Description of the task: If an entry holds a picture, drop the picture but restate the entry word for word.

Dataset excerpts:

++++++++++++++++++++

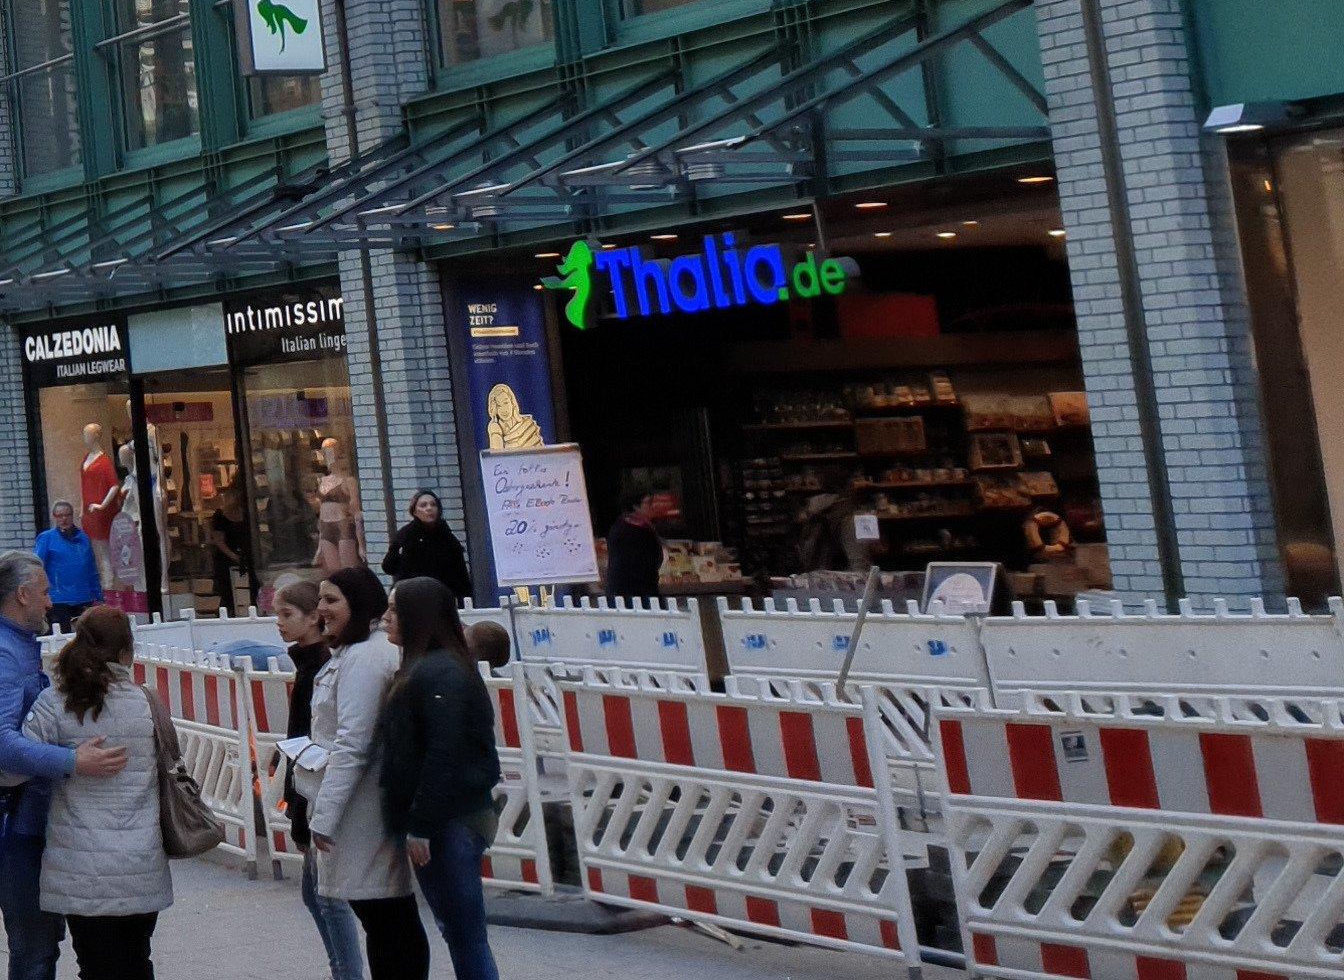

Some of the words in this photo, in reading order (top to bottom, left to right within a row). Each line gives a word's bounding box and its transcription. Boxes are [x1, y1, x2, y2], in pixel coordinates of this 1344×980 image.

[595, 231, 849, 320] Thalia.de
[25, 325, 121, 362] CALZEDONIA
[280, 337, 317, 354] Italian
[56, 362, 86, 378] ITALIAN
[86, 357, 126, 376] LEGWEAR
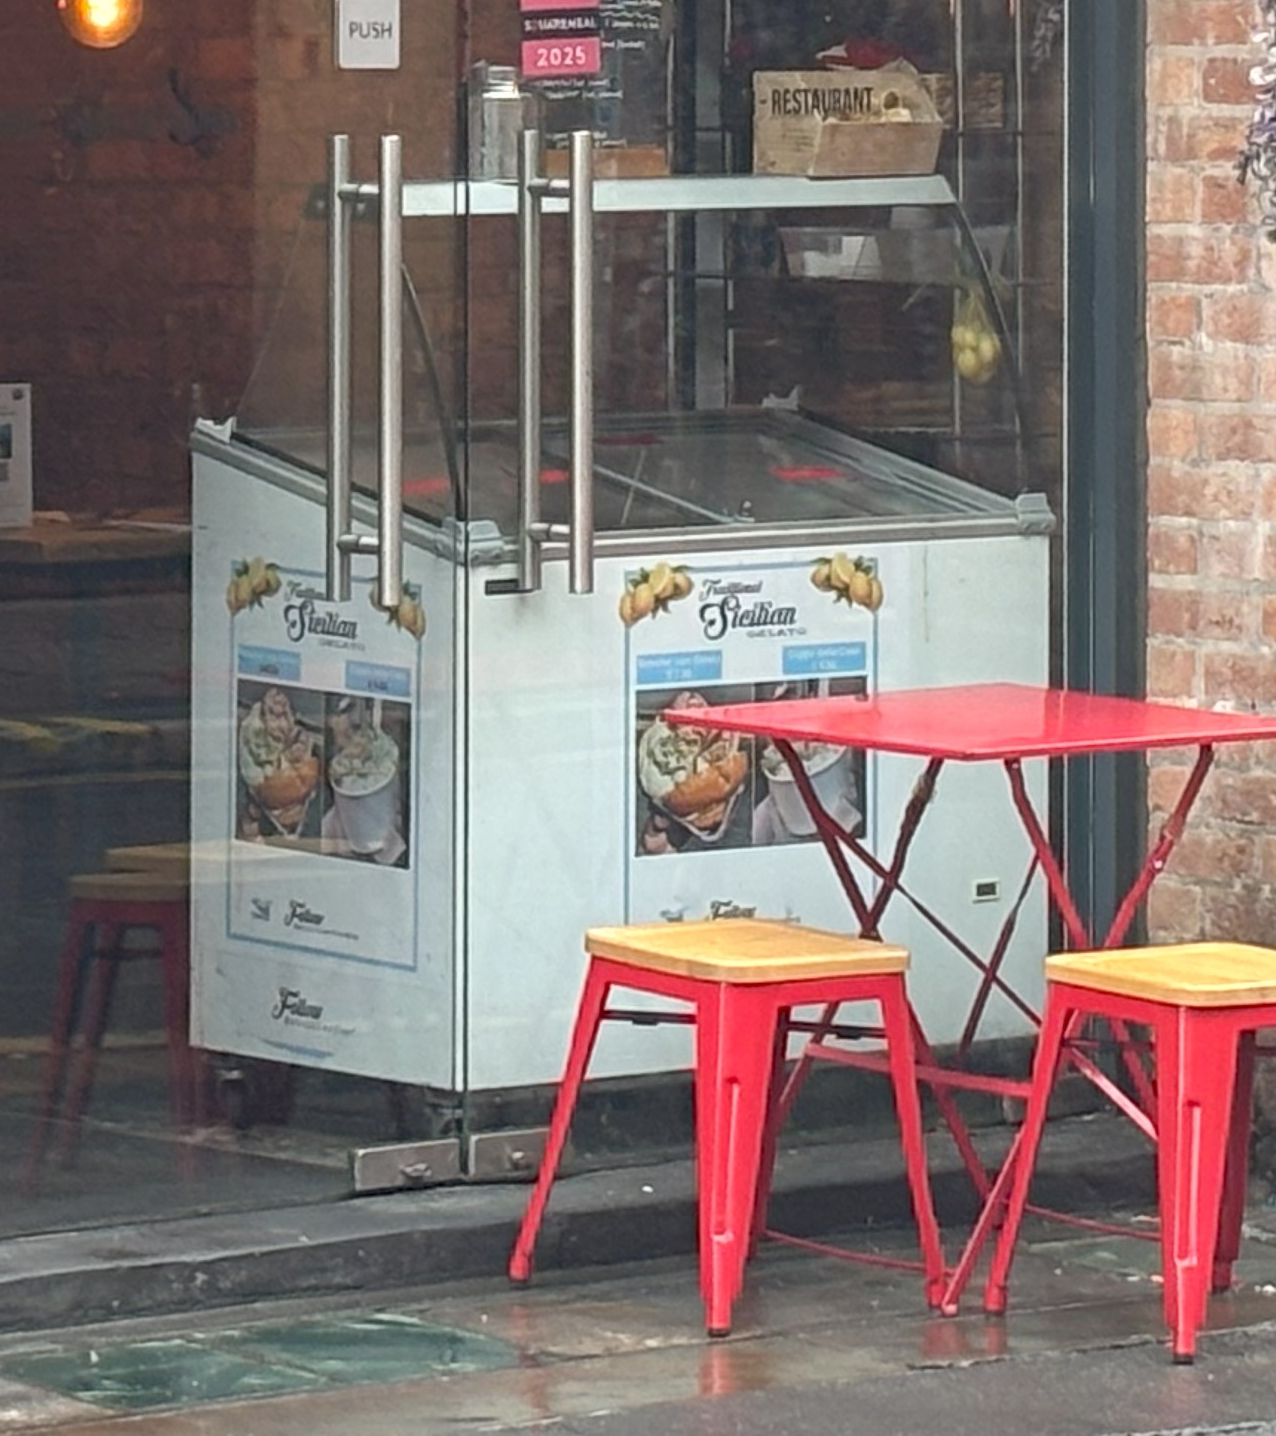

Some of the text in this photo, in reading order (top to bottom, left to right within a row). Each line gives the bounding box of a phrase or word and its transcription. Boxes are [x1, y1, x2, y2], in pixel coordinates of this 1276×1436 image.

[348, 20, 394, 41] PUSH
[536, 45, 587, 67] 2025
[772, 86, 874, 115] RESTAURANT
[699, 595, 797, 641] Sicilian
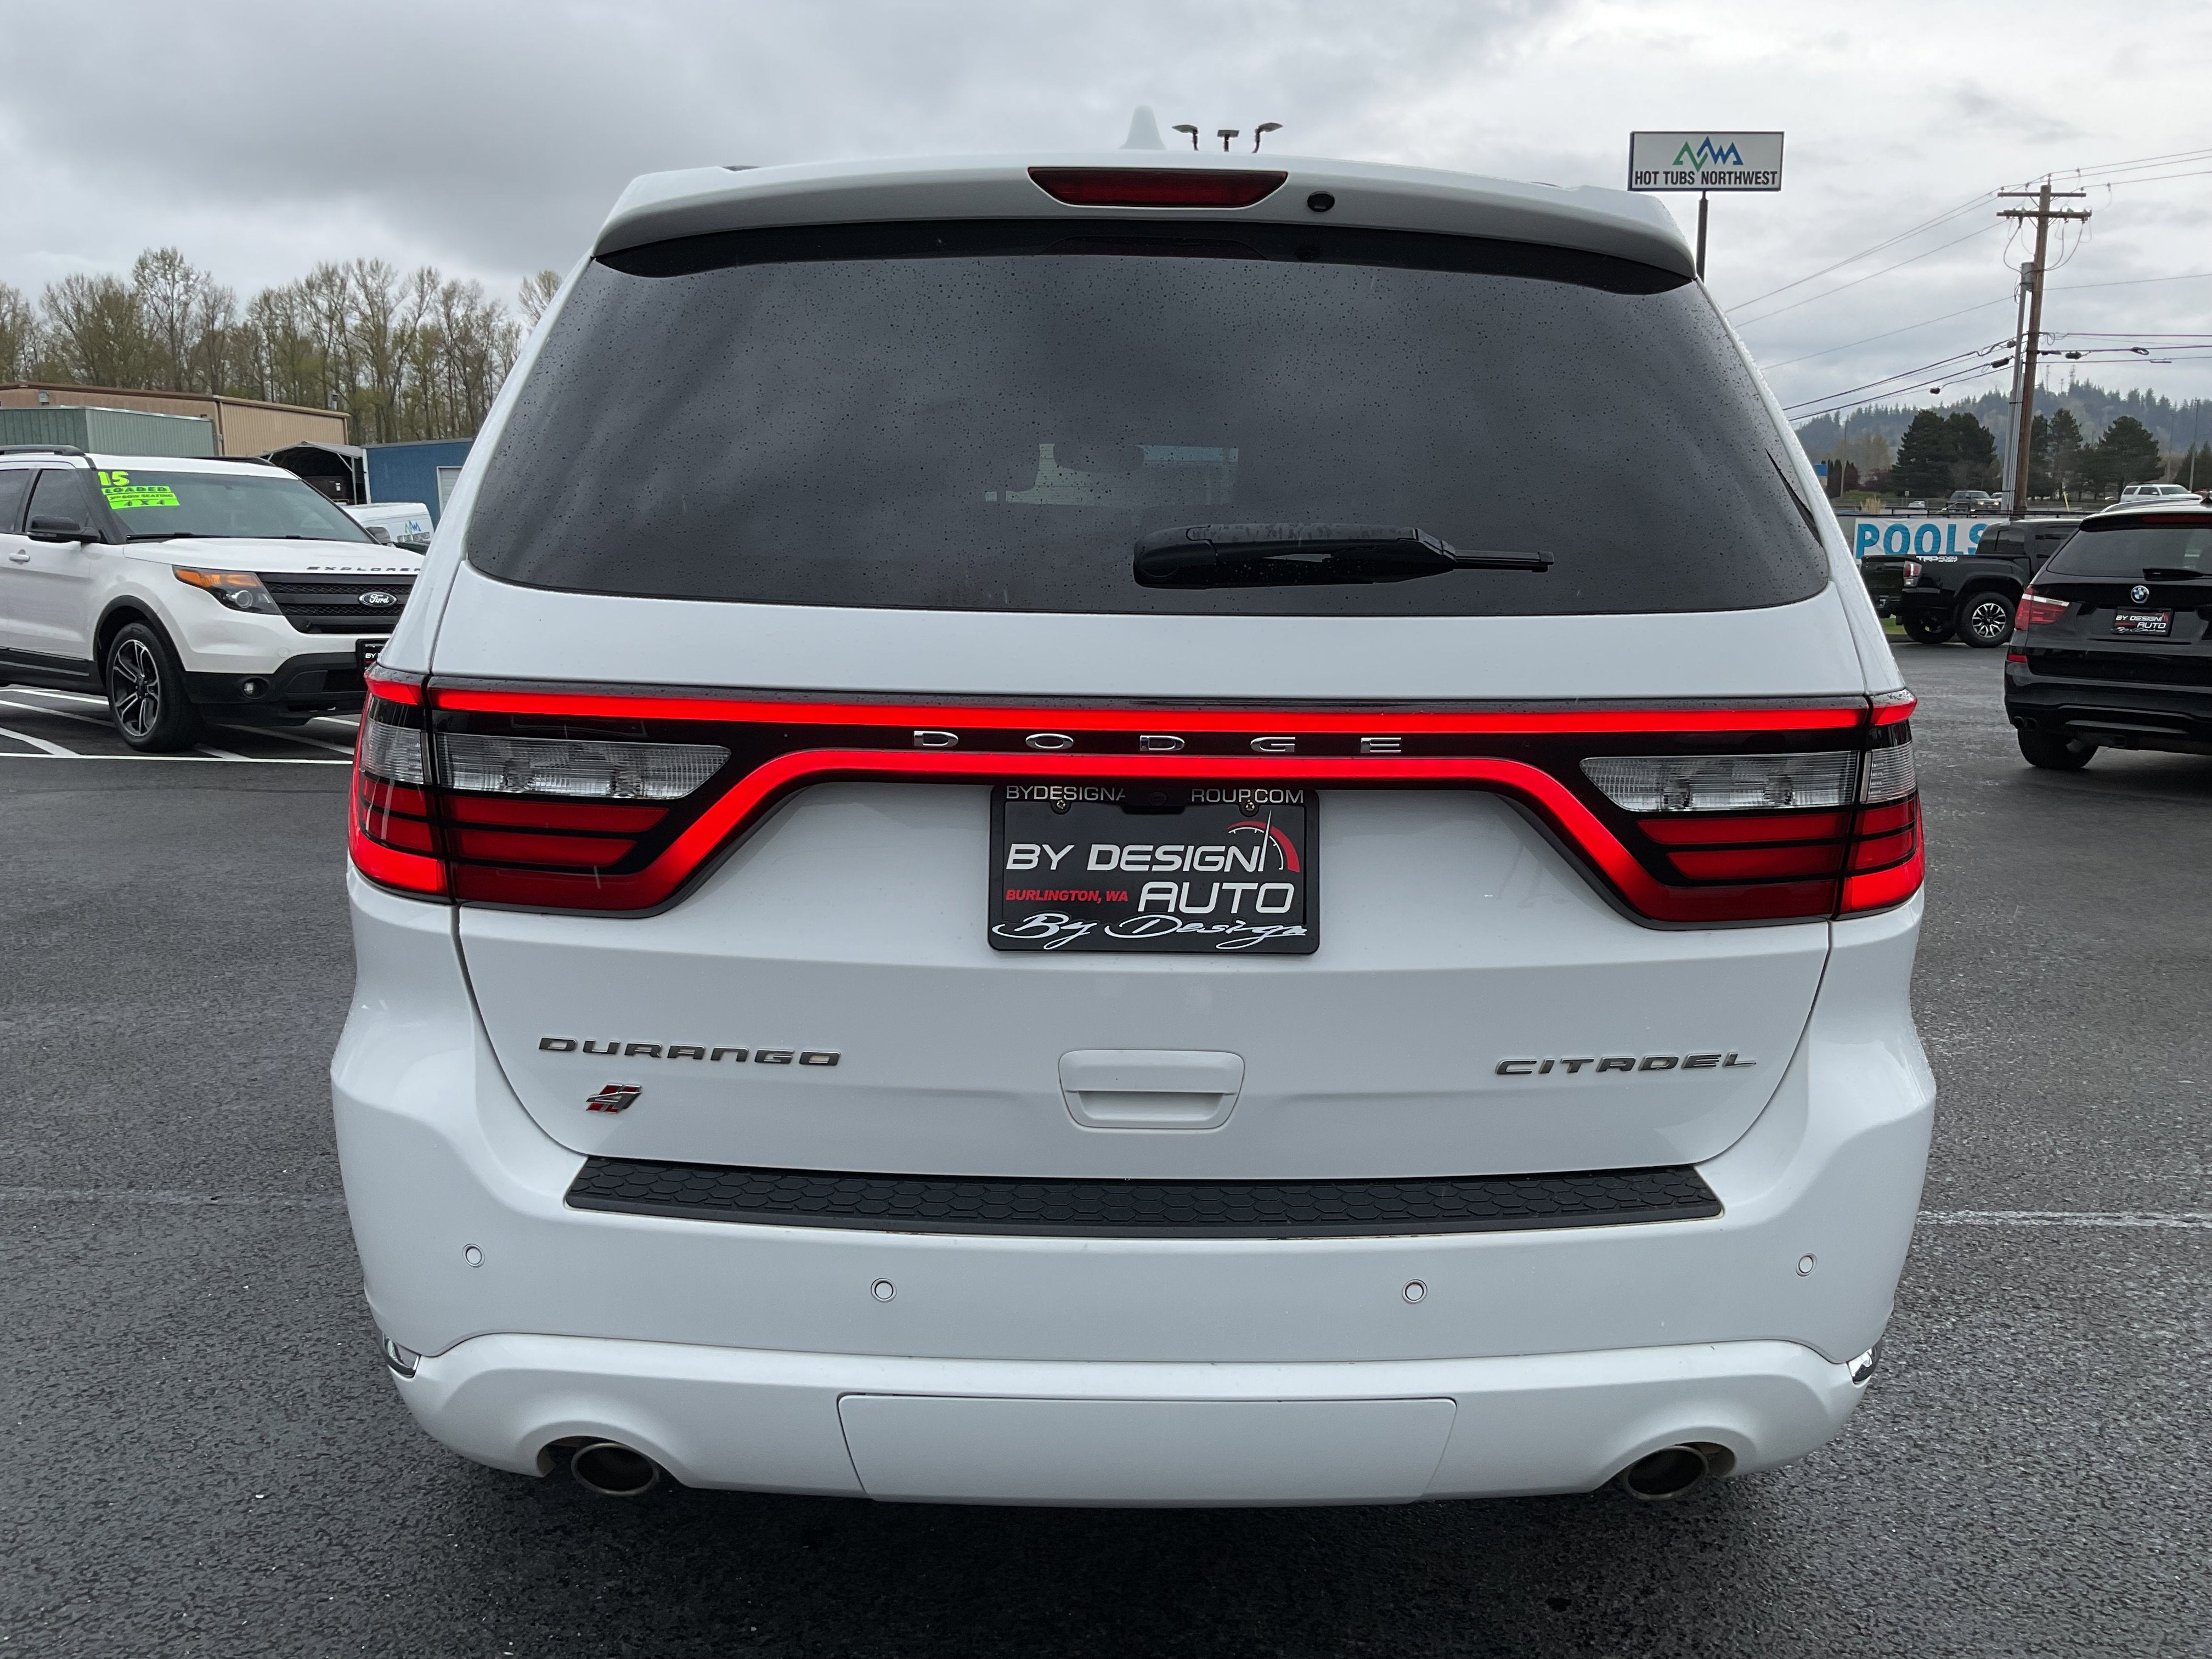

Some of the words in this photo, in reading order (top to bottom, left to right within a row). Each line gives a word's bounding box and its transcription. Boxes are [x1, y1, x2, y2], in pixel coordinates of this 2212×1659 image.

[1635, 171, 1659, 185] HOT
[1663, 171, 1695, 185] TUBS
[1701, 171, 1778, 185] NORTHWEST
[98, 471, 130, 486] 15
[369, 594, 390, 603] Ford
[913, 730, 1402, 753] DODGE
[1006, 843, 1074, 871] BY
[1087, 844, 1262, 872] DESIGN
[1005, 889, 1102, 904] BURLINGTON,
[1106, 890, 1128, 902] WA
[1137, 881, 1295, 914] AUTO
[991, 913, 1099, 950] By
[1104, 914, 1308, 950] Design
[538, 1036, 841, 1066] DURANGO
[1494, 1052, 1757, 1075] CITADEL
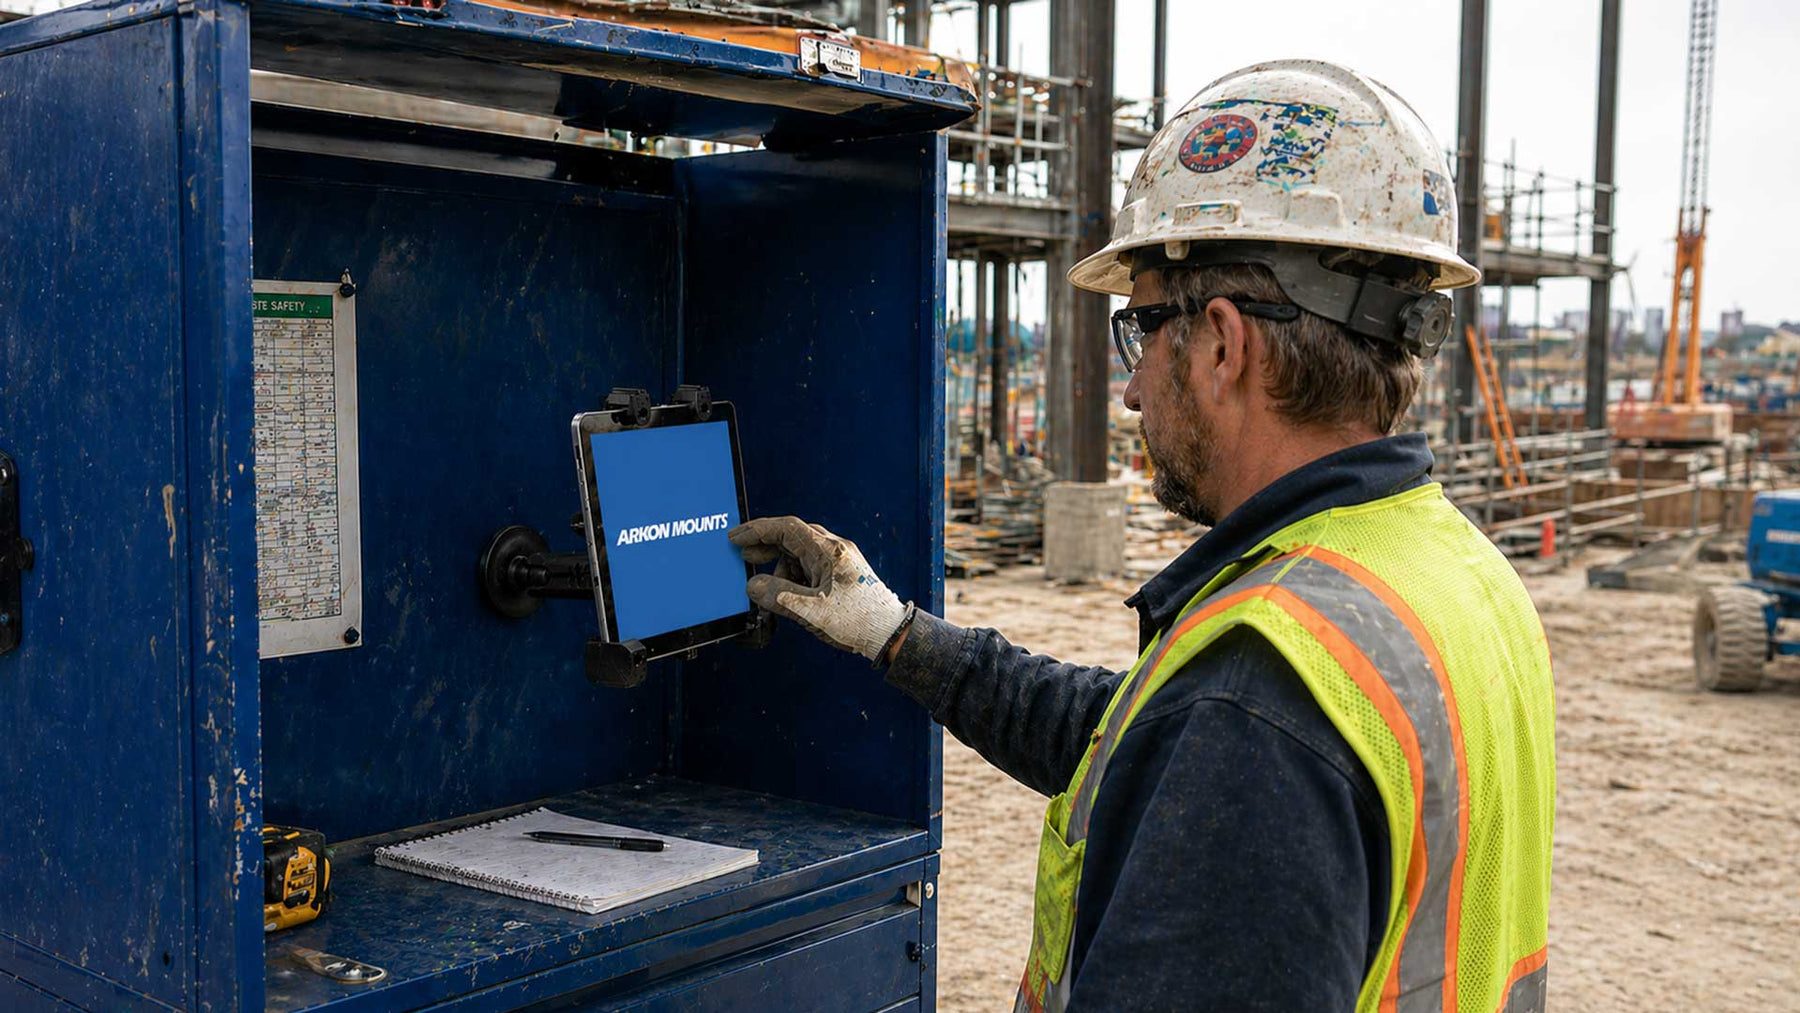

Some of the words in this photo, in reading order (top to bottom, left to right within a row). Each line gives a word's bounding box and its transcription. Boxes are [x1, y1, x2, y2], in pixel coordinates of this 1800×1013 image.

++++++++++++++++++++

Answer space:
Some of the words in this photo, in reading order (top to bottom, left to right within a row). Each line gives a word's bounding box and its transcription. Boxes are [x1, y1, x2, y2], in pixel coordinates of this 1344×980 image.

[595, 231, 849, 320] Thalia.de
[25, 325, 121, 362] CALZEDONIA
[280, 337, 317, 354] Italian
[56, 362, 86, 378] ITALIAN
[86, 357, 126, 376] LEGWEAR

Some of the text in this photo, in reading order (top to bottom, left to right within a row). Each line gives the bounding box of a phrase or word and its transcription. Boxes are [x1, y1, x2, y2], in pixel coordinates of this 1276×1436 image.

[348, 20, 394, 41] PUSH
[536, 45, 587, 67] 2025
[772, 86, 874, 115] RESTAURANT
[699, 595, 797, 641] Sicilian

Some of the words in this photo, in reading order (top to bottom, left to right within a row). Each line gives a word's bounding box and its transcription. Boxes are [x1, y1, x2, y2], in pixel coordinates of this 2212×1659 image.

[1635, 171, 1659, 185] HOT
[1663, 171, 1695, 185] TUBS
[1701, 171, 1778, 185] NORTHWEST
[98, 471, 130, 486] 15
[369, 594, 390, 603] Ford
[913, 730, 1402, 753] DODGE
[1006, 843, 1074, 871] BY
[1087, 844, 1262, 872] DESIGN
[1005, 889, 1102, 904] BURLINGTON,
[1106, 890, 1128, 902] WA
[1137, 881, 1295, 914] AUTO
[991, 913, 1099, 950] By
[1104, 914, 1308, 950] Design
[538, 1036, 841, 1066] DURANGO
[1494, 1052, 1757, 1075] CITADEL

Some of the words in this photo, in reading order (top to bottom, left to right within a row). Each line gives a word's bounding box and its transcription. Boxes are [x1, y1, x2, y2], in pixel coordinates of this 1800×1013 image.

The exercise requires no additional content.